I’d come too far to let him disappear again. Now I started looking for my own reasonable chance. If I got very lucky I could catch him on the grass before he had the opportunity to race across the lanes closest to the woods on the other side.

I had two false starts, both attributable to this vision I had of becoming instant roadkill. When I finally got to it I put my head down and plunged on to the huge roadway. Horns were already blasting me when I was only halfway across.

Because I had my head down and was concentrating exclusively on surviving, I didn’t see the accident. More horns, these from the far lanes.
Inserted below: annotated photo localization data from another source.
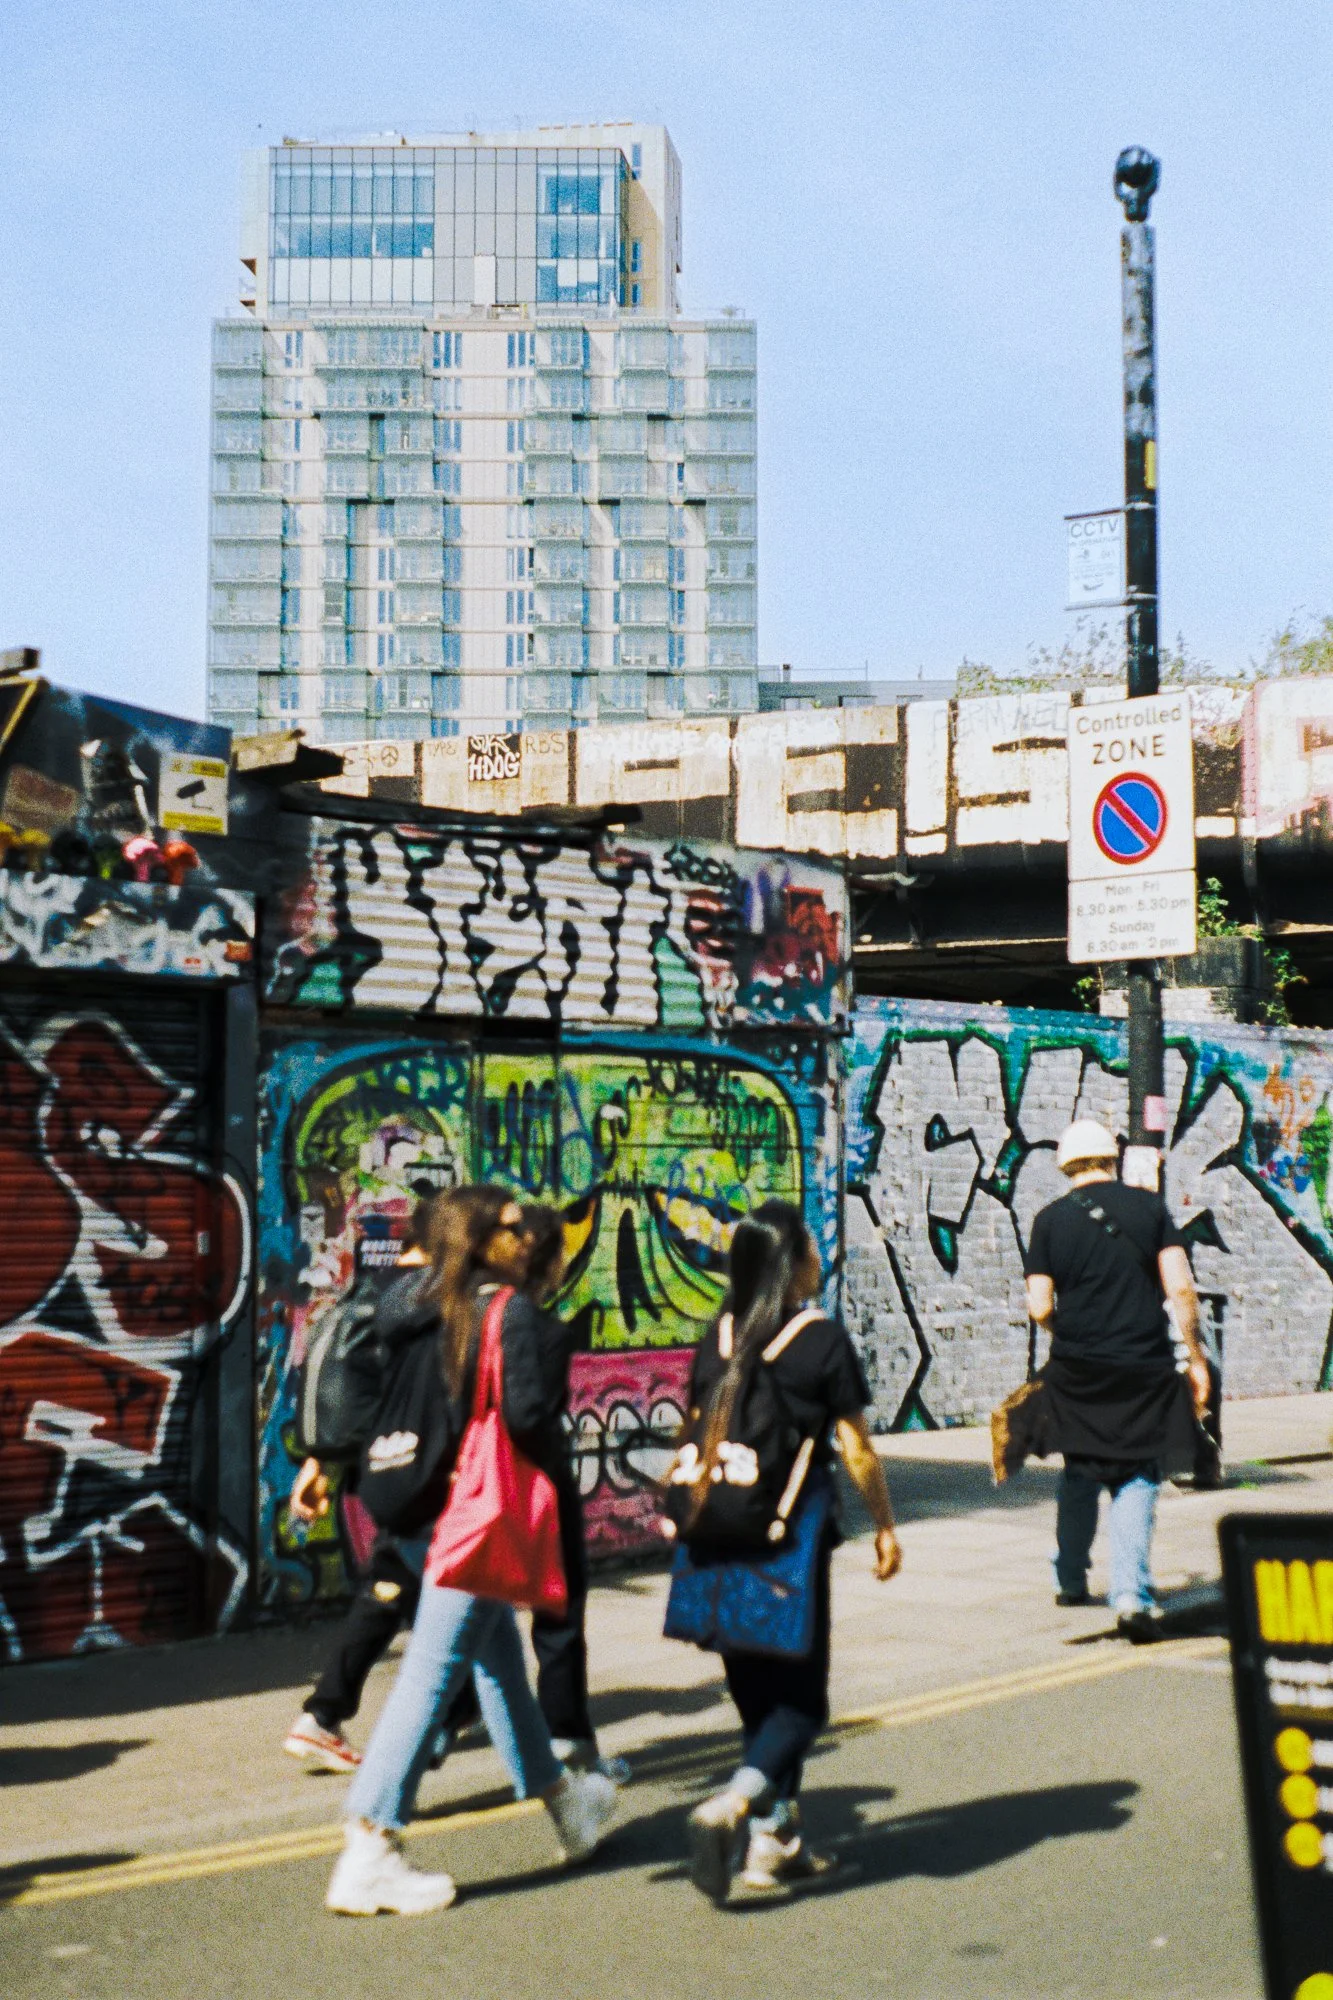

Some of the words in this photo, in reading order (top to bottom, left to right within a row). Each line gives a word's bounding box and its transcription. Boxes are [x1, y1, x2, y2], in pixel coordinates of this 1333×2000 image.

[1070, 518, 1119, 538] CCTV
[1076, 703, 1182, 734] Controlled
[524, 732, 567, 754] RBS
[1092, 734, 1165, 765] ZONE
[1105, 884, 1133, 896] Mon
[1142, 880, 1160, 892] Fri
[1108, 919, 1156, 934] Sunday
And a scream that must have made the stars tremble. And then a sound of collision. Car and body.

By the time I stood where Nolan had just been I saw the nearest of the two lanes clogged with stopped cars. A man was running from his car, his arms flailing in the air. I could see what he was about to find. Later the driver told the press that Nolan had been knocked maybe seven or eight feet in the air before smashing to the roadway. Right now the man knelt over the bloody rags that had been Nolan’s clothes and shouted at him as if trying to resurrect the dead.

I walked over to him, joining a dozen or so other drivers and passengers who’d come to see what had happened. Through his torn trousers a white bone poked; his right ear had been half ripped away. His chest heaved and blood bubbled in the corners of his mouth. I thought he was trying to say something.

I didn’t bother to introduce myself; I just knelt down next to him, dislodging the man who’d struck him.

‘Nolan.’

The eyelids fluttered but never lifted.

‘Nolan.’

‘You know him?’

‘Yeah.’

‘Did you see it, the accident, I mean?’

‘Yeah. You couldn’t help it. I’ll testify to that.’ Well, I didn’t actually see it but I still knew this man wasn’t at fault.

‘My wife’s already called 911.’

‘Good. Now leave me alone here, will you?’

‘Sure.’

He got up, middle-aged knees cracking, and was immediately surrounded by the others.

‘Nolan.’

Again the eyelids fluttered; again they refused to open.

Before he left he spoke only one word I could understand: ‘Ward.’

TWENTY-THREE

I saw a woman on TV once who claimed that she could see the souls of the newly dead leaving their bodies and seeking the light only they could see. She said she saw this most often when she visited hospitals, something she didn’t do unless a loved one was sick, because watching the souls flee the dead frightened her. This came to mind as I stepped off the elevator on the third floor of St Francis Hospital, where surgery was being performed on David Nolan.

Mrs Nolan was in the waiting room. She glared at me as I started to enter. I did us both a favor and joined Kathy and Lucy in a small grotto-like cove down the hall. This was an older section of the hospital. I wondered how many hundreds of people had waited here for the appearance of a doctor to bring them his or her verdict. I could almost tap into all the relieved smiles as well as the shock and disbelief and horror of those who wouldn’t be smiling for a long time.

There is no silence like hospital silence. It is easy to imagine the classic Grim Reaper in his hooded attire slipping into rooms at random and smiting sleeping patients with his scythe and dispatching their souls to the next realm. The three of us sat on a small tufted gray couch between framed paintings of a maternal Virgin and a weary Jesus. I sat between the women. Kathy touched my hand and said, ‘It should have been Jeff, not David.’